The two hours to Victoria - maybe under two hours - are uneventful but interesting because I've never seen this part of Texas and it's been a while since Bess passed through. The landscape is different to what we usually see on the other side of the city, very green, almost English in appearance and with a lot of cows. Also, its coastal lowland so the air is thicker, more humid, and we begin to notice great drapes of Spanish moss trailing from the trees. We pass through La Vernia, where the remains of Bess's father were interred for reasons none of us can work out given the lack of any obvious familial connection to the place; then the towns of Pandora, Nixon, and Smiley, which I mention because I'm still entertained by the names which have been given to towns in America. I say towns, but some of them are technically cities, and I still have no idea how the classification works.
I grew up in an English town, a conurbation of several thousand people living in houses built next to each other, a place one could expect to cross on foot from one side to the other in less than an hour. English cities are similar, except bigger and with more people, and it might take a day or longer to walk from one side to the other. However, here in Texas, one may pass three homes on the highway, each separated by about a mile of open land, then find out that the place somehow counts as a town, implying the presence of at least a general store, or something a bit more suggestive of town life behind some patch of trees which you may or may not have noticed; or the same intermittent string of dwellings will suddenly coalesce into what anyone who ever saw a western movie will recognise as Main Street with a town hall and maybe even a square; and sometimes such places are referred to as cities for what I presume to be legislative reasons.
Anyway, Nixon is named after one of the town's founders, in case anyone was wondering.
Arriving in Victoria, we decide to eat, so we pick Casa Jalisco because for some reason it's hard to go wrong with a Mexican diner named after the state of Jalisco. As we enter, I tell Bess that Jalisco gets its name from xalli- the Nahuatl word for sand, Hispanicised with a j after the conquest. I probably tell her this every time we enter a diner bearing a variation on the name, but she doesn't seem to mind. I've never been to Jalisco in Mexico but I assume it's sandy.
The diner is operating at 50% capacity, so we're some distance from the nearest table, six people and a kid, none of them wearing masks. Bess overhears one of them explaining how she ain't gon' wear no dang mask 'cause ain't no sayin' that it matters none nor makes no difference nohow. It's hard to tell whether or not this is directed at us, but it's also getting hard to care. Idiots have become very much a public phenomenon of late, so there's not much point in worrying about one or two poorly informed individuals.
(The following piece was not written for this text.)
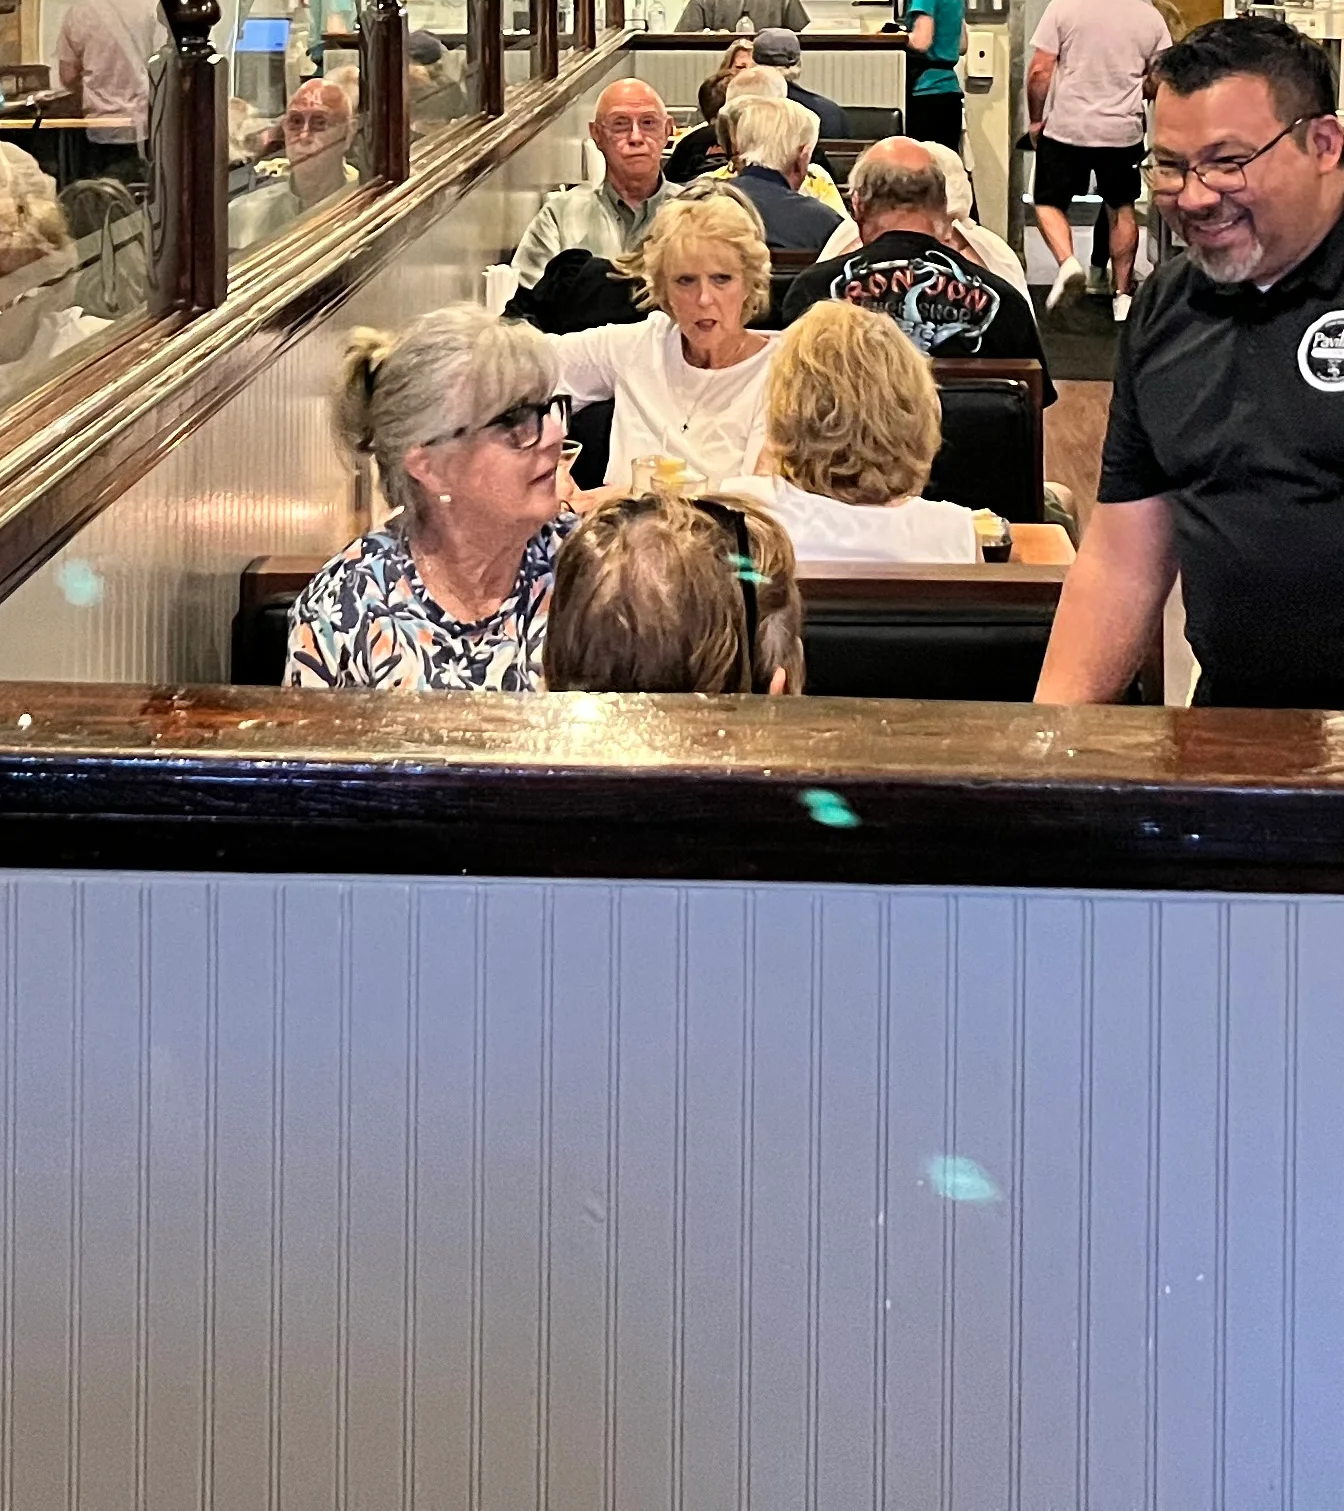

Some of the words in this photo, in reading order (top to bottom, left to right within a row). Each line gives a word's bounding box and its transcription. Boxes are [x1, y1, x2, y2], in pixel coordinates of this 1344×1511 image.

[844, 268, 914, 303] RON
[924, 275, 990, 312] JON
[919, 302, 972, 323] SHOP
The food is great but there's too much of it.
The zoo, which we gather hasn't been open long, bills itself as the Texas Zoo. The reason for the seemingly unimaginative title turns out to be that the majority of the animals are indigenous - black vultures, turkey vultures, white tailed deer, and others. They're creatures I encounter on a near daily basis in some cases, but it's still a pleasure to see them up close. Critters remind us that life isn't all plague and Guantanamo Bay and Adolf Hitler abruptly downgraded to a man who had some very interesting ideas but went about it all wrong. Sometimes we need that reminder.
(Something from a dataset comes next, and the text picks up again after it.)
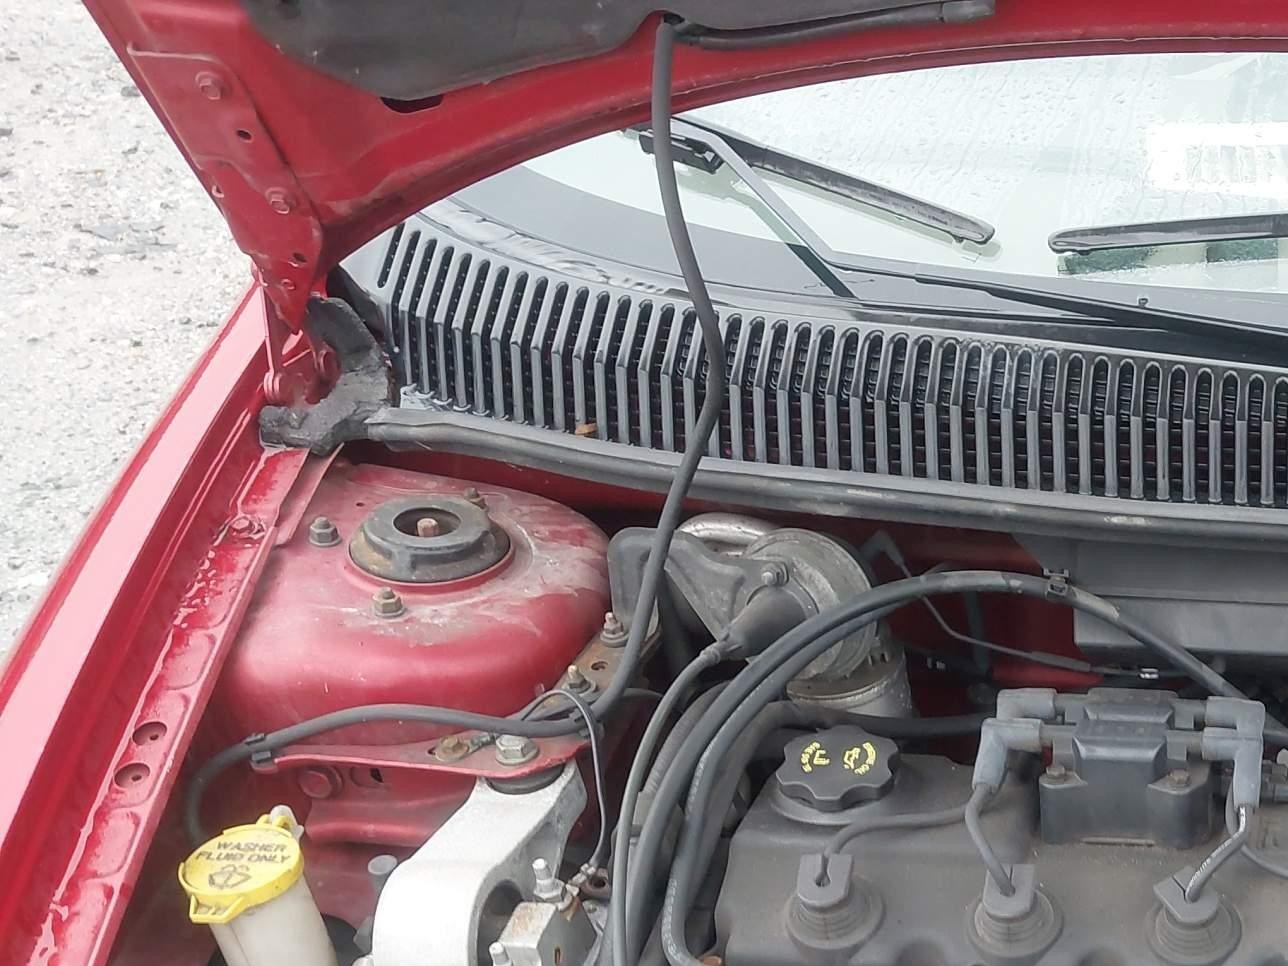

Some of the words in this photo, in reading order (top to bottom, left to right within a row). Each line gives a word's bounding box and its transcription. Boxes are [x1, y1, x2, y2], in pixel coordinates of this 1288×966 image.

The highlight is the bunnies, a whole colony of Flemish Giants, about twenty or thirty of them all sat around their enclosure twitching their noses, with the only activity coming from a group of babies all bouncing around in an adjacent pen. We watch them for about thirty minutes then leave with a warm feeling.
The drive home is uneventful, as was the drive out, which is fine. Not every day has to be life-changing, just something to hit the reset button is usually enough.